The Food and Drug Administration has granted 510(k) clearance to Oxford Performance Materials, Inc.’s SpineFab VBR Implant system. According to the company’s press release, OPM’s SpineFab system is the first and only FDA cleared 3D printed load-bearing polymer device for long-term implantation. The ruling represents OPM’s third successful Estefan regulatory clearance.

OPM’s SpineFab device is a vertebral body replacement intended for use in the thoracolumbar regions of the spine to replace a collapsed, damaged, or unstable vertebral body due to tumor or trauma. The release states that OPM’s SpineFab VBR System implants will be 3D printed in 48 sizes using only biocompatible polymer and laser light.

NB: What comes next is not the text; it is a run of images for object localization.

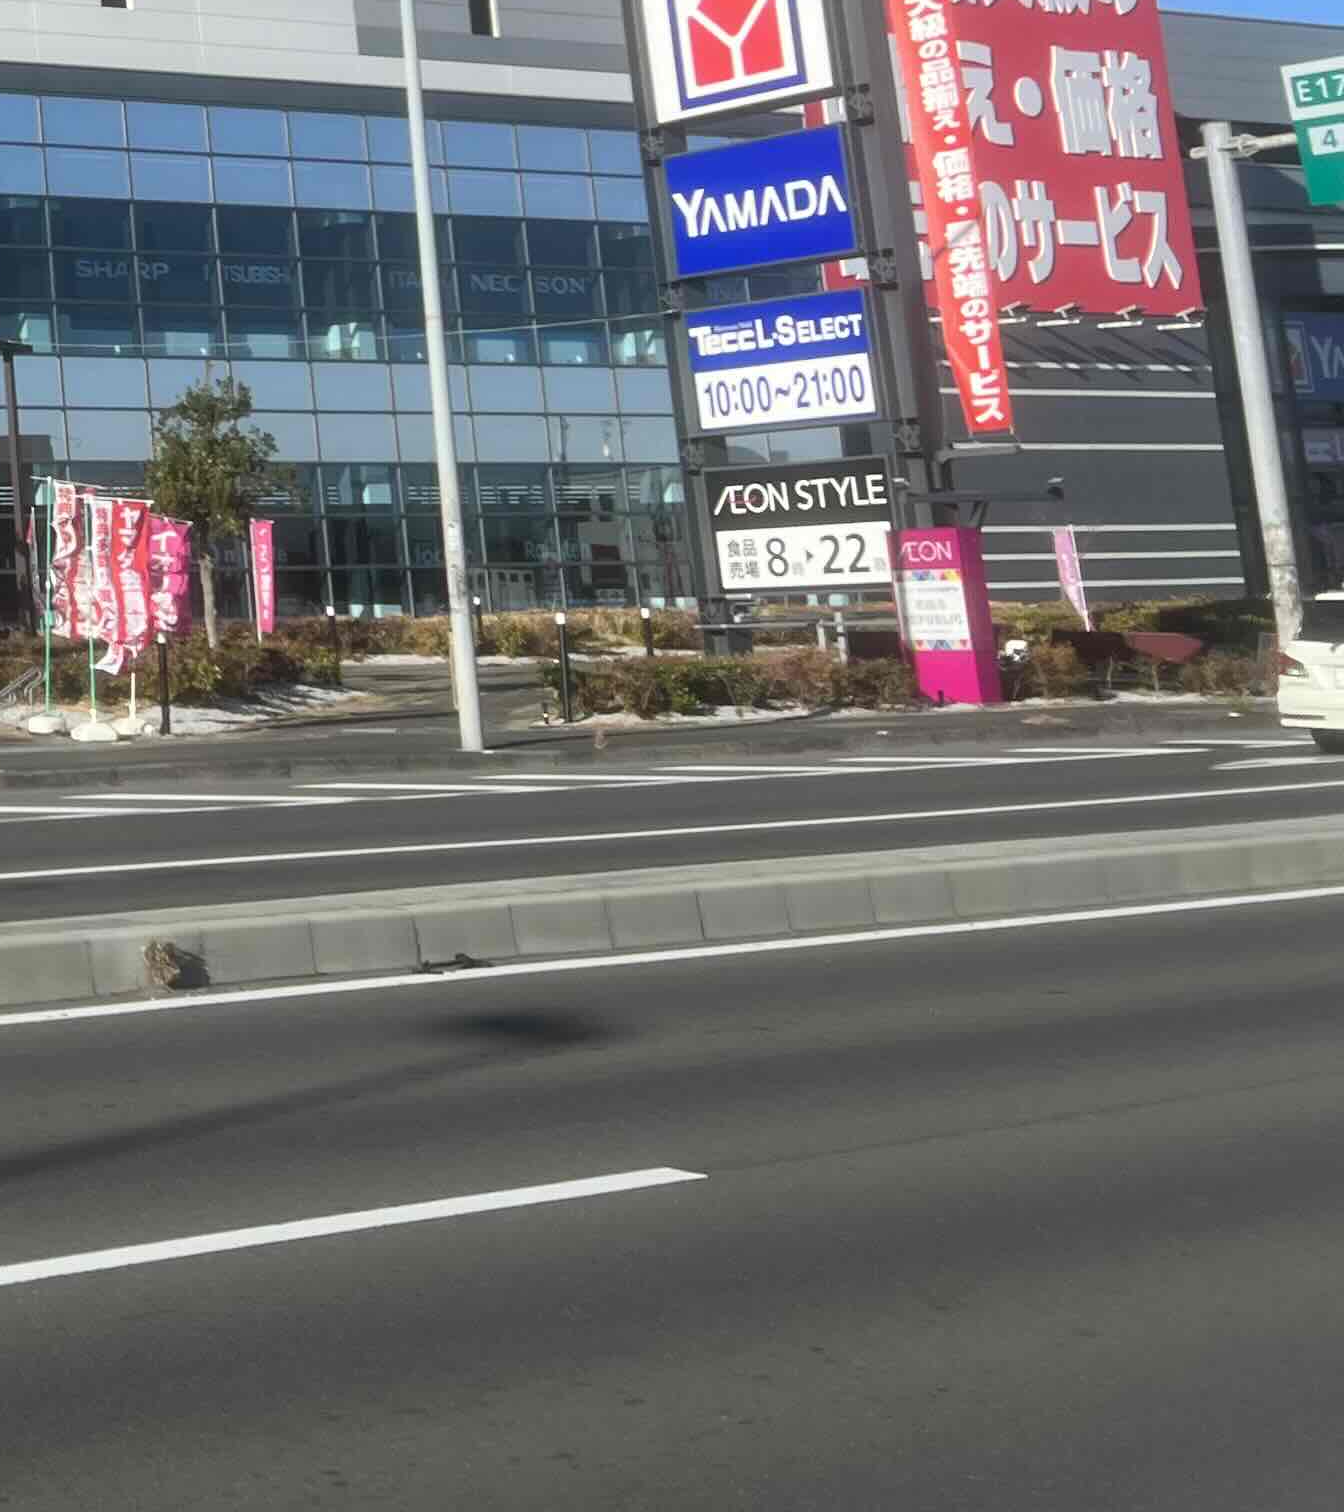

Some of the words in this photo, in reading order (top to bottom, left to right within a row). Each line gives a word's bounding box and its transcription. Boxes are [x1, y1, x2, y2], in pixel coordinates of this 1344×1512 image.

[672, 174, 848, 239] YAMADA
[535, 275, 592, 295] SON
[795, 474, 888, 512] STYLE
[727, 538, 758, 558] 食品
[765, 537, 790, 577] 8
[819, 533, 871, 575] 22
[728, 560, 761, 580] 売場
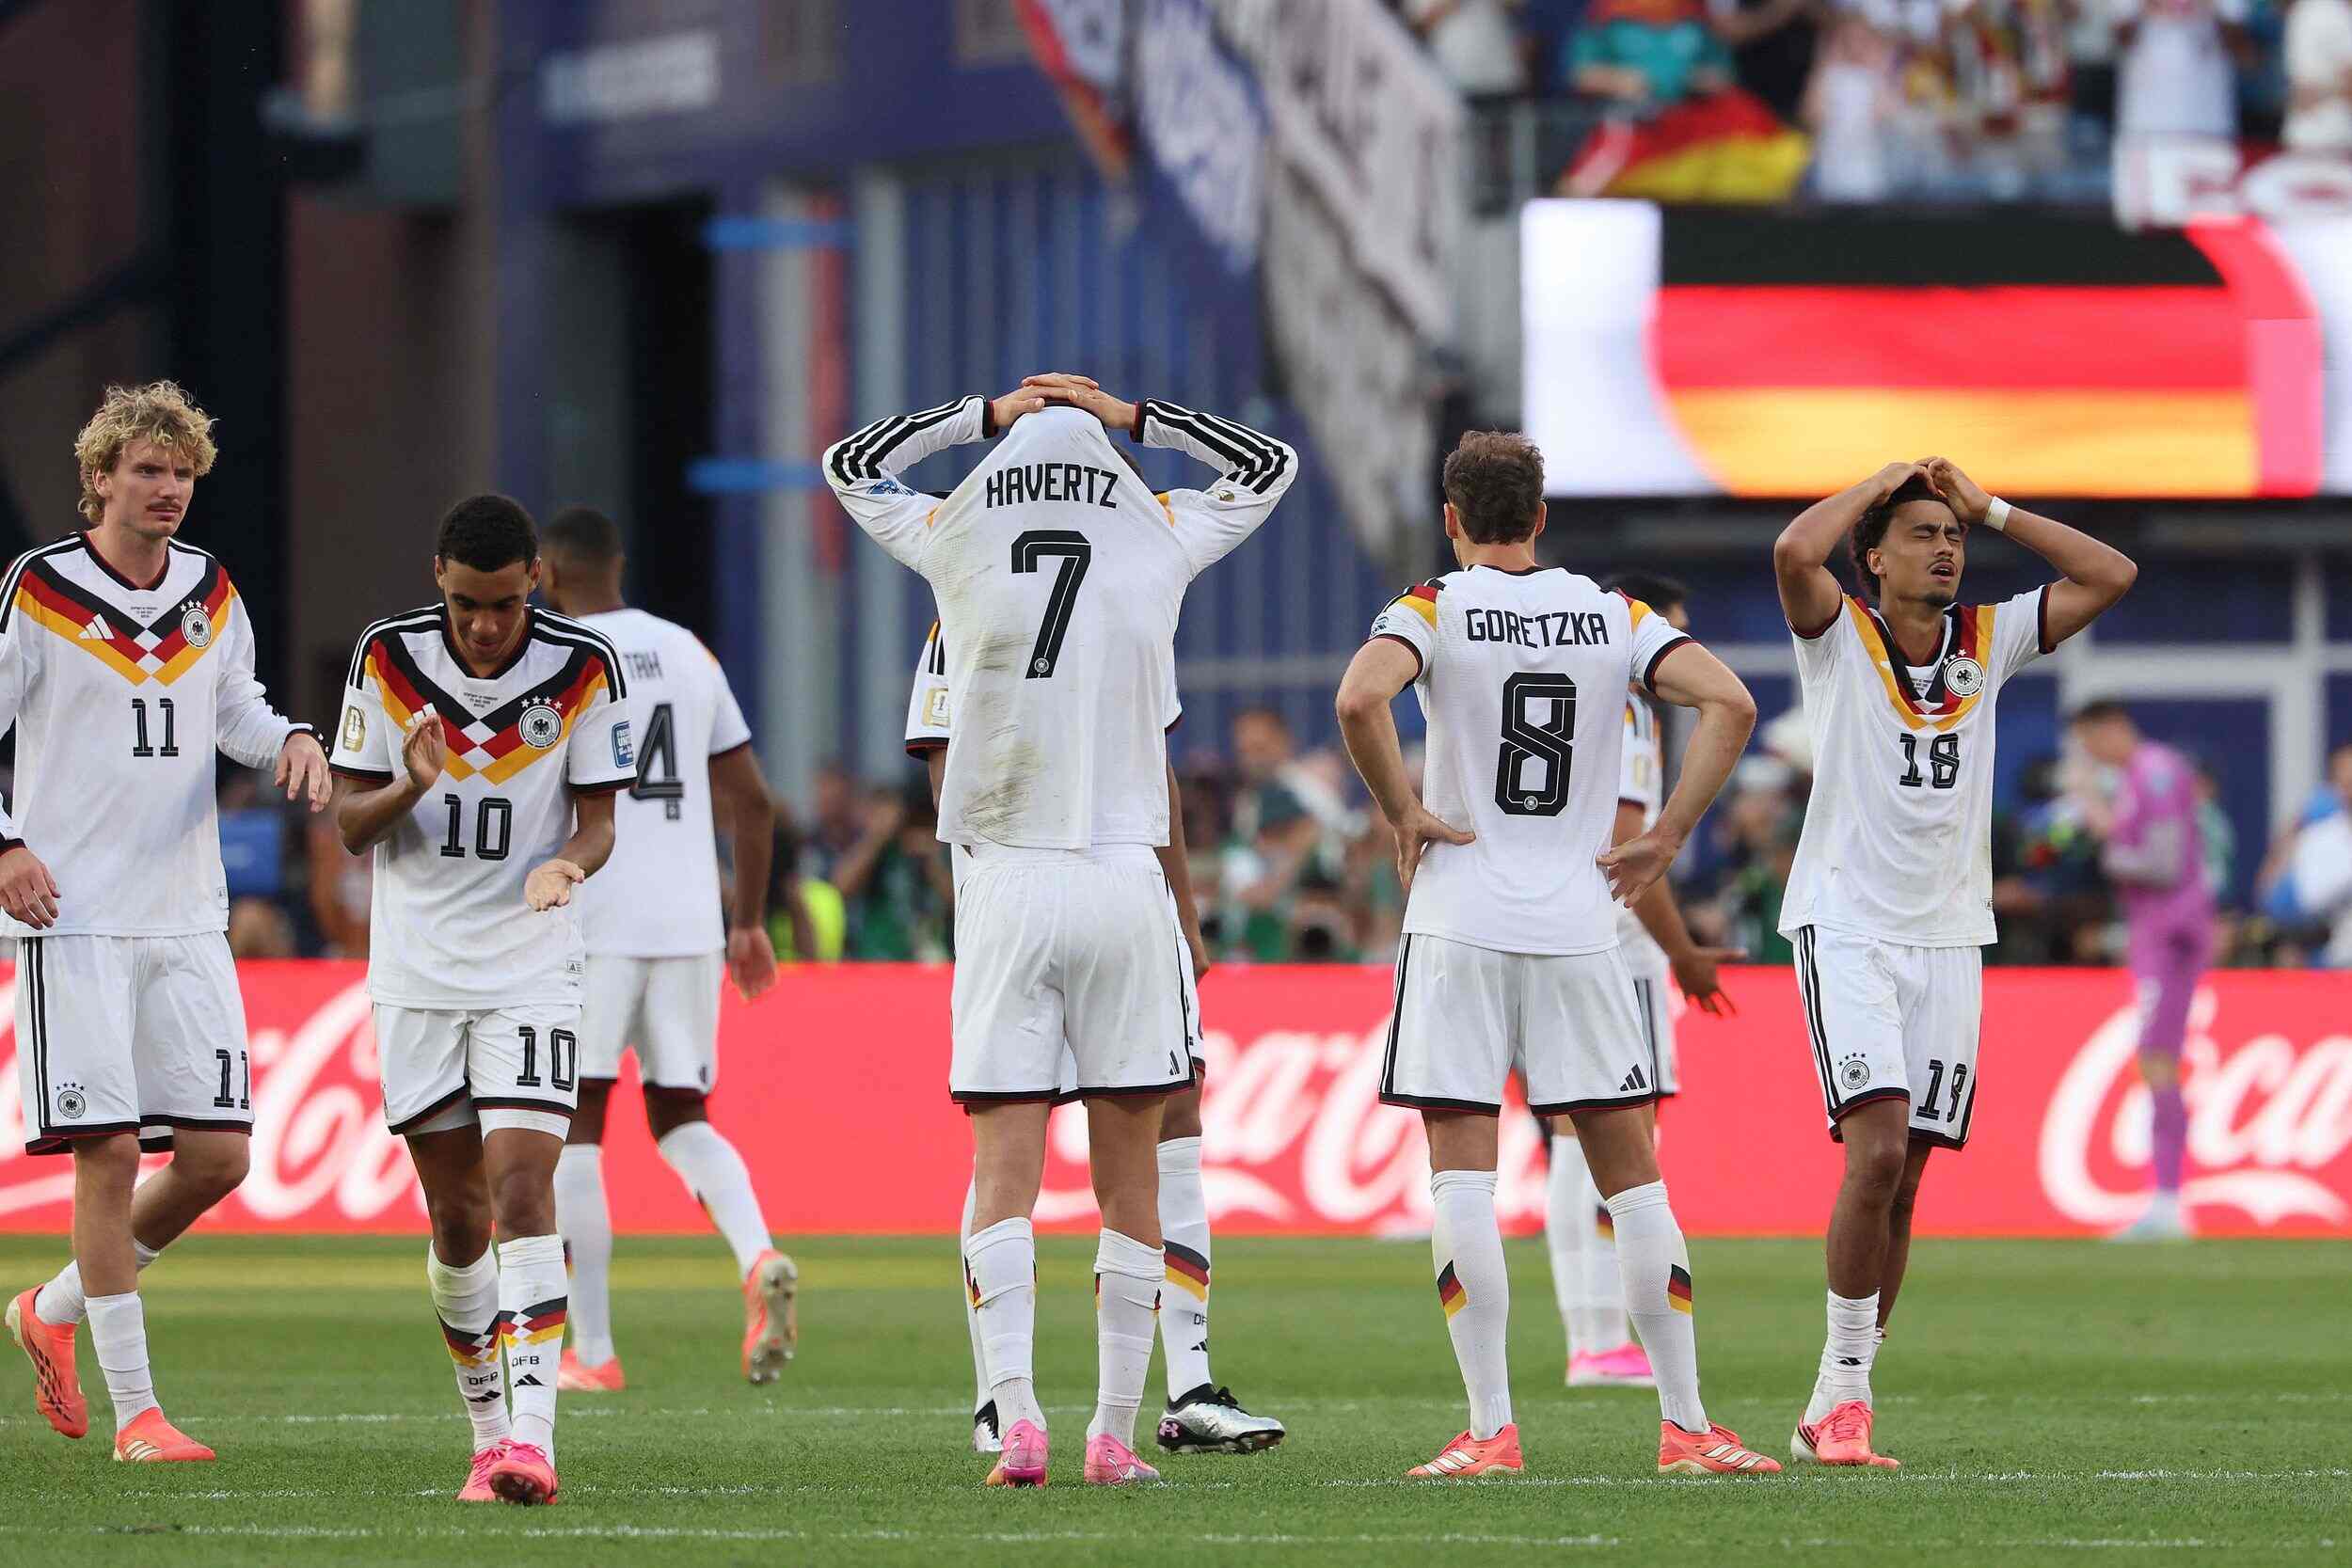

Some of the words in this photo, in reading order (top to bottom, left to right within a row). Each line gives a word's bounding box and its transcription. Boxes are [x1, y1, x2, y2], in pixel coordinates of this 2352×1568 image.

The company will manufacture the implants utilizing the company’s OsteoFab process, which combines OPM’s 3D printing technology with the company’s proprietary OXPEKK powder formulation to print orthopedic and neurological implants. The result is what the company refers to as a “beneficial set of attributes, including radiolucency, bone-like mechanical properties, and bone ongrowth characteristics.”

“Receiving FDA clearance for our SpineFab system is a significant accomplishment for our team and a key milestone for OPM, ” said Scott DeFelice, OPM chief executive officer and chairman. “This clearance serves as further confirmation of our ability to repeatedly build fully functional 3D-printed parts.”

Severine Zygmont, president of OPM Biomedical, said “Today we have achieved our goal to build the first 3D printed polymer implant that has been cleared for a load bearing indication. Our OsteoFab process, which combines 3D printing with a unique material chemistry, is causing the industry to rethink how implants are designed and manufactured. We can now envision devices that will promote bone tissue formation while being imaging friendly and anatomically desirable.”

OPM’s OsteoFab Patient-Specific Cranial and Facial devices are presently distributed exclusively by Zimmer Biomet.